Er war so in die Betrachtung der Jungen vertieft, dass er erst wieder herausgerissen wurde, als sich auf einmal eine schmale Hand unter seine Nase schob. Verwirrt blickte er auf und sah den Vater der beiden, der ihm offensichtlich aufhelfen wollte und ihn nachsichtig lächelnd ansah.

"Entschuldigen Sie bitte die Umstände, Danny ist manchmal etwas ungeschickt..." Leon konnte im ersten Moment nur fassungslos in dieses perfekte Gesicht blicken. Feine Züge, ebenmäßig wie aus Porzellan gearbeitet, dunkelgrüne Augen, die ihn lächelnd ansahen, volle Lippen, die geradezu einluden, sie zu küssen. Wo hatte er dieses Gesicht schon mal gesehen?

Der junge Anwalt schluckte heftig und ergriff nun endlich die angebotene Hand. Das fing ja an, schon peinlich zu werden, er sollte schleunigst machen, dass er sich wieder in den Griff bekam.
 

"Ist schon gut, ist ja nichts passiert..." Seine Stimme klang in seinen eigenen Ohren etwas heiser und er räusperte sich schnell. "Ich kann nur nicht besonders gut mit weinenden Kindern umgehen, fürchte ich...", entschuldigte er sich verlegen, konnte seinen Blick aber nicht aus dem Gesicht seines Gegenübers wenden. Er war fasziniert und zugleich über seine heftige Reaktion erschrocken. Sonst warf ihn doch auch nichts so leicht aus der Bahn!
 

Schnell wandte er sich ab und sah zu den beiden Jungen hinüber, von denen der eine immer noch leise schniefte und sich über die Augen wischte, der andere immer noch auf ihn einschimpfte. Und die zwei waren wirklich gleich alt? Offensichtlich, bei dem Aussehen.
 

Der blonde Mann lachte leise und Leon drehte sich fragend wieder zu ihm.

"Sie denken vermutlich dasselbe wie jeder, der sie zum ersten Mal erlebt... Jesse ist ziemlich forsch und schon sehr weit für sein Alter, Danny dagegen ist sehr zurückgezogen und sensibel und im Moment fremdelt er mal wieder, also denken Sie sich bitte nichts dabei, dass er eben zu weinen angefangen hat..."
 

Chris musste noch immer über die offensichtliche Verwirrung des Dunkelhaarigen lächeln, der ihn sehr überfahren anblickte.
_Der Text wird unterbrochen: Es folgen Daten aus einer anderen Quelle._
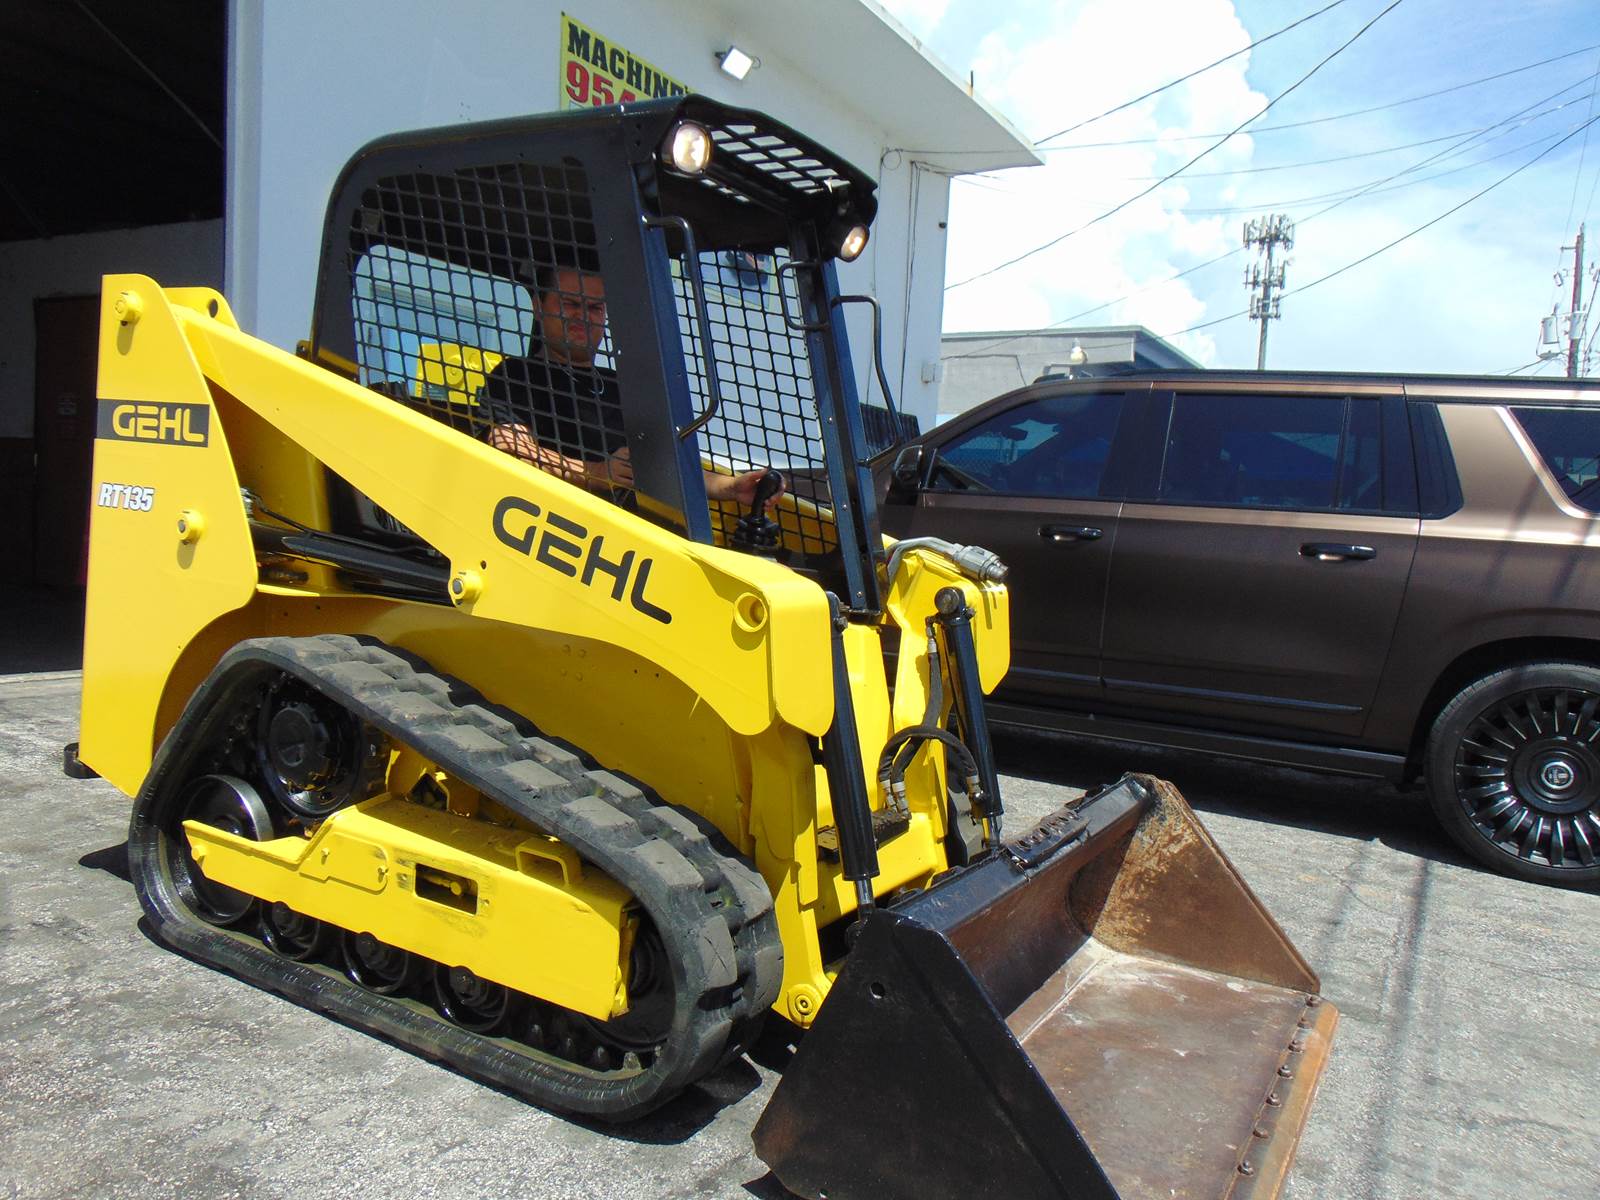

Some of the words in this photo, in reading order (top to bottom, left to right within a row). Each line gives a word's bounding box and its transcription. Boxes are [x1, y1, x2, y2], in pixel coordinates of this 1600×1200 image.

Irgendwie niedlich, so ein großer Kerl und dann so hilflos, wenn es um etwas Simples wie ein weinendes Kind ging. Obwohl niedlich eigentlich für solch einen Mann nicht gerade das richtige Adjektiv war. Groß, breite Schultern, schwarze Haare und dunkelblaue Augen und wirkte trotzdem mit diesem herrlich verwirrten Gesichtsausdruck fast ein bisschen kindlich. Es war schwer, sein Alter zu schätzen, vielleicht Anfang dreißig, älter aber wohl nicht und Chris hätte schwören mögen, dass er dieses Gesicht schon mal irgendwo gesehen hatte
 

Leon winkte leicht ab. "Kein Problem, ich war nur etwas verwirrt und hatte die Befürchtung, dass im nächsten Moment irgendeine wütende Mutter angelaufen kommt und mich mit einem Stangenbaguette verprügelt, weil ich ihren Sohn zum Weinen gebracht habe..."
 

Nun lachte der Blonde leise und die winzigen Fältchen um seine Augen vertieften sich etwas. Leon fragte sich unwillkürlich, wie alt sein Gegenüber wohl sein mochte. Sicher nicht älter als er selbst.
 

"Keine Sorge, verprügeln würde ich Sie deswegen nicht, ich kenne meine Rabauken ja..." Chris klang ehrlich amüsiert und für einen Moment vergaß er sogar, dass er eigentlich schnell wieder nach Hause wollte, weil Mike nicht so lange allein sein sollte. Der dunkelhaarige Fremde hatte etwas an sich, dass ihm so seltsam bekannt vorkam, auch wenn er immer noch nicht so genau wusste, woher.
 

Etwas zupfte leicht an seiner Hose und als er sich nach unten wandte, konnte er in zwei Paar große, blaue Augen sehen, die ihn bettelnd anblickten. "Daaaddyyyy, kriegen wir nachher ein Eis?" Danny hatte sich offenbar von seinem Schreck erholt und Jesse zeigte nun, dass er genauso kindlich wie sein Bruder sein konnte, wenn er nur wollte. Chris runzelte leicht die Stirn, wollte etwas sagen, doch da mischte sich Leon wieder ein.
 

"Wie wäre es, wenn ich Ihnen auf den Schreck draußen im Stehcafé einen Kaffee ausgebe? Da kriegen die zwei auch sicher ein Eis..." Zwei paar Kinderaugen richteten sich ehrfürchtig auf ihn und in diesem Moment erkannte er das beste Mittel, um mit kleinen Kindern umzugehen: Bestechung.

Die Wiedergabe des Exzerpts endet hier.